• **Supplied material**
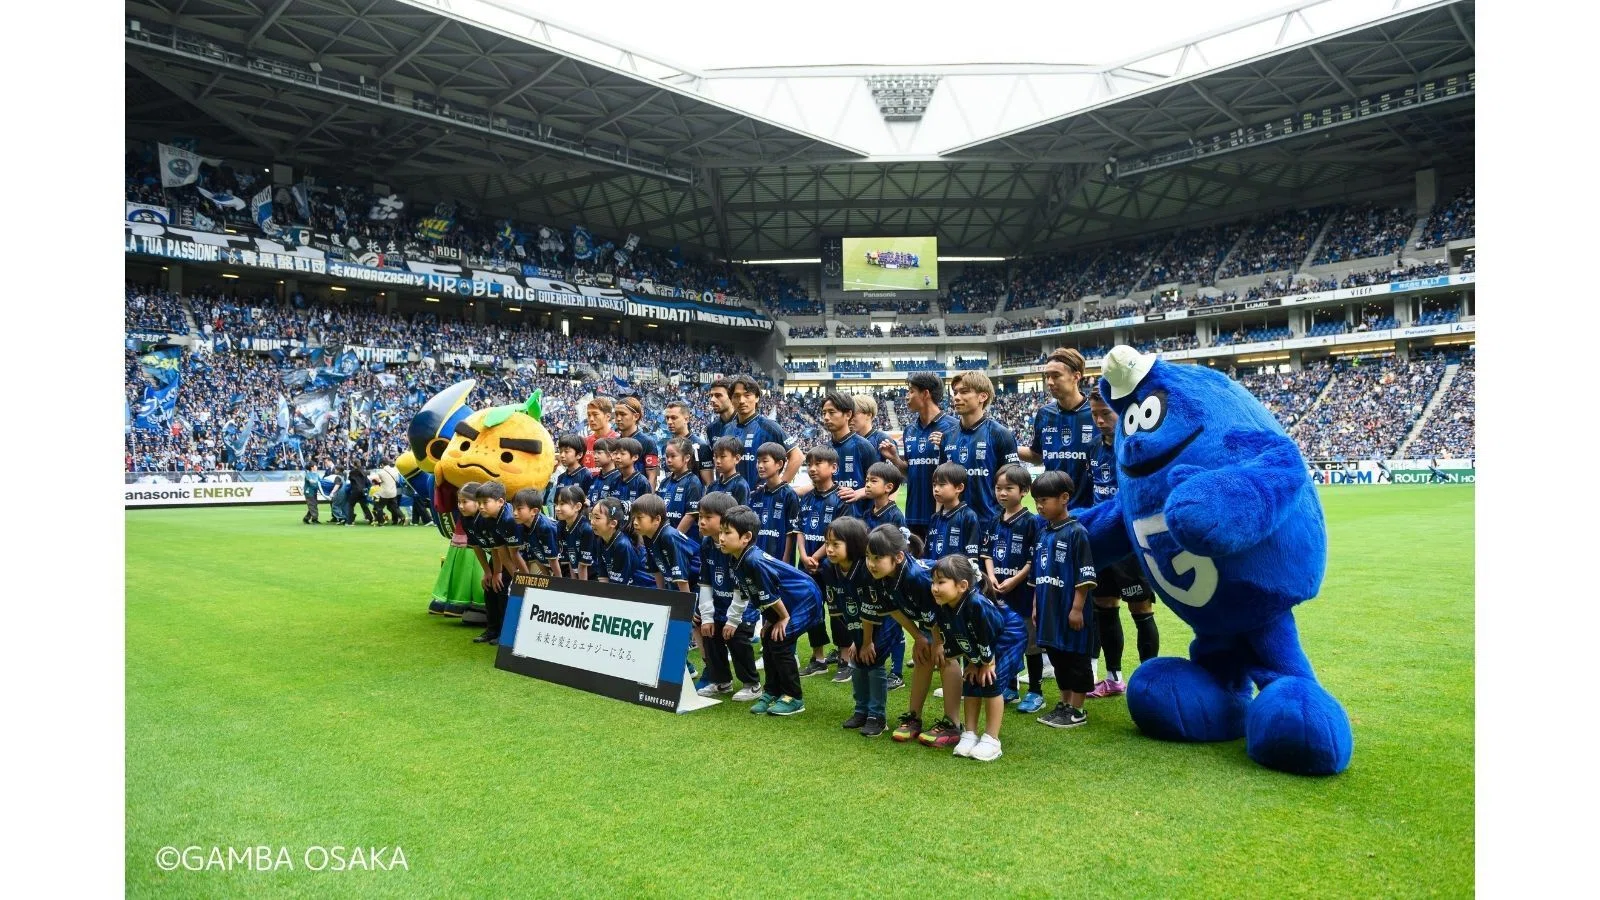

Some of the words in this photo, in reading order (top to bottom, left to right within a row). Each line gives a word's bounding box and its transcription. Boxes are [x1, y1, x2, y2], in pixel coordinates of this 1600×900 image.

[141, 236, 164, 256] TUA
[503, 284, 535, 302] RDG
[538, 291, 585, 308] GUERRIERI
[628, 303, 690, 323] DIFFIDATI
[1245, 301, 1270, 309] LUMIX
[740, 452, 755, 462] nic
[966, 467, 989, 477] onic
[193, 487, 254, 499] ENERGY
[515, 575, 538, 588] PARTNER
[538, 578, 550, 588] DAY
[529, 604, 590, 631] Panasonic
[591, 613, 654, 641] ENERGY
[535, 631, 636, 663] 未来を変えるエナジーになる。
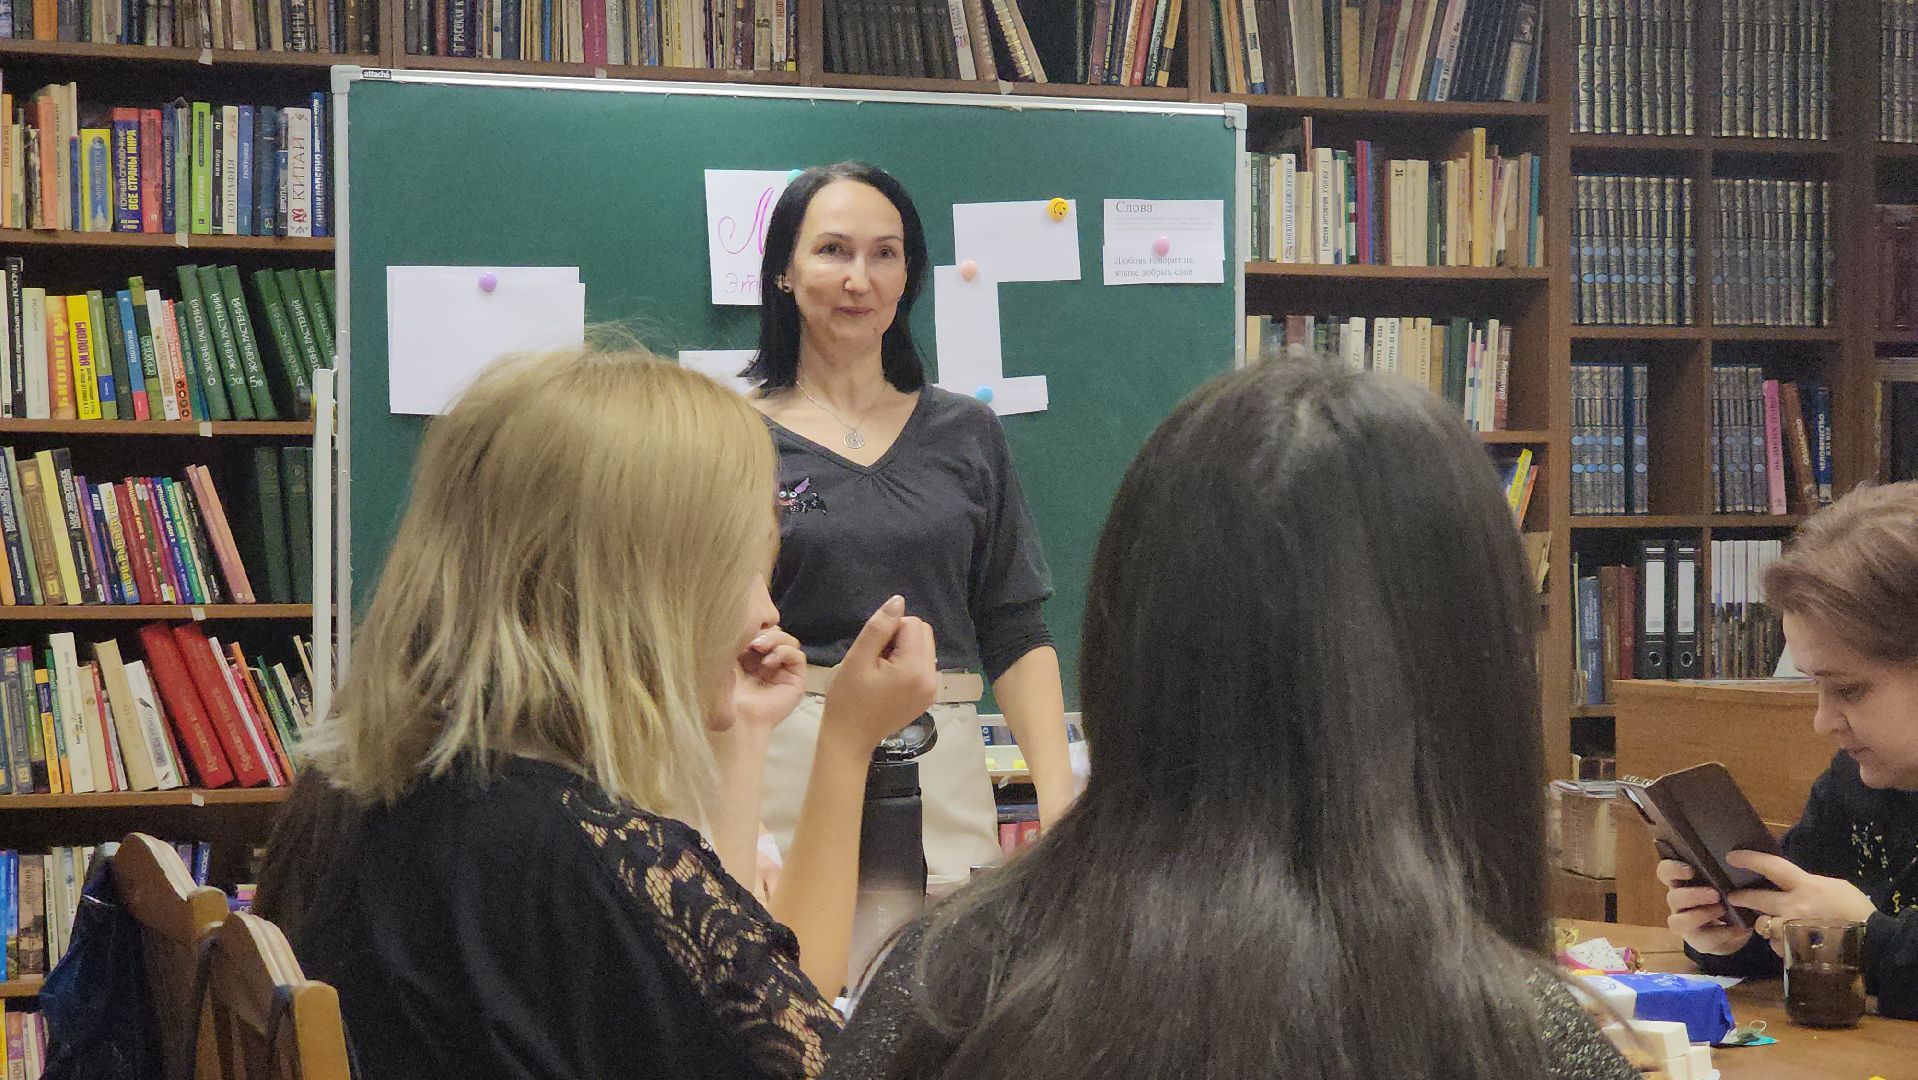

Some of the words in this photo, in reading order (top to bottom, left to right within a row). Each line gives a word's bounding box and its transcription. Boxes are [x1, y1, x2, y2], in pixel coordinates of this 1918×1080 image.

[453, 9, 465, 41] РУССКАЯ
[363, 70, 390, 78] attaché
[118, 128, 126, 176] СПРАВОЧНИК
[127, 129, 136, 153] МИРА
[127, 156, 137, 190] СТРАНЫ
[290, 136, 304, 200] КИТАЙ
[127, 193, 138, 209] ВСЕ
[1116, 201, 1153, 213] Слова
[1114, 257, 1147, 265] Любовь
[188, 297, 206, 343] РАСТЕНИЙ
[209, 291, 230, 339] РАСТЕНИЙ
[231, 296, 250, 343] РАСТЕНИЙ
[269, 301, 290, 346] РАСТЕНИЙ
[290, 297, 313, 345] РАСТЕНИЙ
[53, 311, 68, 407] БИОЛОГИЯ
[75, 321, 89, 366] БИОЛОГИЯ
[141, 336, 155, 373] ГРИБЫ
[199, 342, 213, 374] ЖИЗНЬ
[222, 339, 237, 370] ЖИЗНЬ
[243, 341, 258, 373] ЖИЗНЬ
[285, 345, 300, 375] ЖИЗНЬ
[207, 374, 216, 386] 6
[1497, 359, 1509, 400] Литература
[1817, 413, 1826, 470] ЧЕЛОВЕЧЕСТВО
[59, 468, 74, 512] ЖИВОТНЫХ
[126, 479, 140, 515] ЖИВОТНЫХ
[155, 483, 170, 519] ЖИВОТНЫХ
[165, 484, 181, 519] ЖИВОТНЫХ
[67, 511, 78, 529] МИР
[165, 520, 175, 537] МИРЕ
[175, 520, 186, 538] МИРЕ
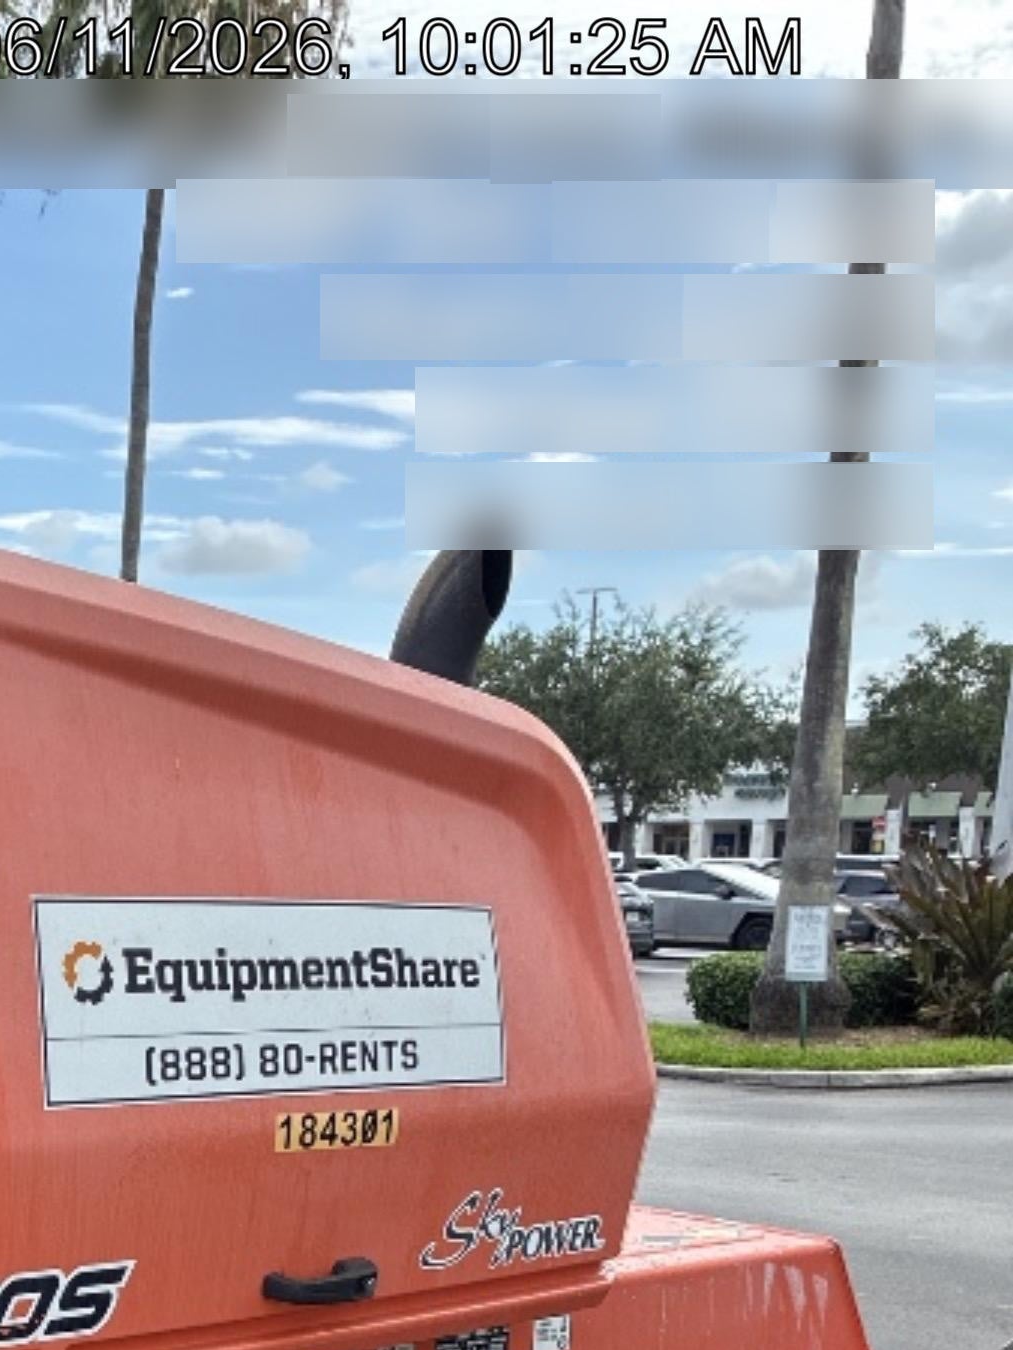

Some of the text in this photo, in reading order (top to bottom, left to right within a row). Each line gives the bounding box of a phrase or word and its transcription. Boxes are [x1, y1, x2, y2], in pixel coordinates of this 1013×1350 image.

• **Task objective**
Print out the entries once more, unchanged. No pictures.

• **Solution to this exercise**
Some of the words in this photo, in reading order (top to bottom, left to right within a row). Each line gives a word's bounding box and its transcription. Boxes are [x1, y1, x2, y2], in pixel coordinates of this 1600×900 image.

[141, 236, 164, 256] TUA
[503, 284, 535, 302] RDG
[538, 291, 585, 308] GUERRIERI
[628, 303, 690, 323] DIFFIDATI
[1245, 301, 1270, 309] LUMIX
[740, 452, 755, 462] nic
[966, 467, 989, 477] onic
[193, 487, 254, 499] ENERGY
[515, 575, 538, 588] PARTNER
[538, 578, 550, 588] DAY
[529, 604, 590, 631] Panasonic
[591, 613, 654, 641] ENERGY
[535, 631, 636, 663] 未来を変えるエナジーになる。

Some of the words in this photo, in reading order (top to bottom, left to right within a row). Each line gives a word's bounding box and its transcription. Boxes are [x1, y1, x2, y2], in pixel coordinates of this 1918×1080 image.

[453, 9, 465, 41] РУССКАЯ
[363, 70, 390, 78] attaché
[118, 128, 126, 176] СПРАВОЧНИК
[127, 129, 136, 153] МИРА
[127, 156, 137, 190] СТРАНЫ
[290, 136, 304, 200] КИТАЙ
[127, 193, 138, 209] ВСЕ
[1116, 201, 1153, 213] Слова
[1114, 257, 1147, 265] Любовь
[188, 297, 206, 343] РАСТЕНИЙ
[209, 291, 230, 339] РАСТЕНИЙ
[231, 296, 250, 343] РАСТЕНИЙ
[269, 301, 290, 346] РАСТЕНИЙ
[290, 297, 313, 345] РАСТЕНИЙ
[53, 311, 68, 407] БИОЛОГИЯ
[75, 321, 89, 366] БИОЛОГИЯ
[141, 336, 155, 373] ГРИБЫ
[199, 342, 213, 374] ЖИЗНЬ
[222, 339, 237, 370] ЖИЗНЬ
[243, 341, 258, 373] ЖИЗНЬ
[285, 345, 300, 375] ЖИЗНЬ
[207, 374, 216, 386] 6
[1497, 359, 1509, 400] Литература
[1817, 413, 1826, 470] ЧЕЛОВЕЧЕСТВО
[59, 468, 74, 512] ЖИВОТНЫХ
[126, 479, 140, 515] ЖИВОТНЫХ
[155, 483, 170, 519] ЖИВОТНЫХ
[165, 484, 181, 519] ЖИВОТНЫХ
[67, 511, 78, 529] МИР
[165, 520, 175, 537] МИРЕ
[175, 520, 186, 538] МИРЕ

Some of the text in this photo, in reading order (top to bottom, left to right within a row). Each line gives the bounding box of a phrase or word and its transcription. Boxes are [x1, y1, x2, y2], in pixel coordinates of this 1013×1350 image.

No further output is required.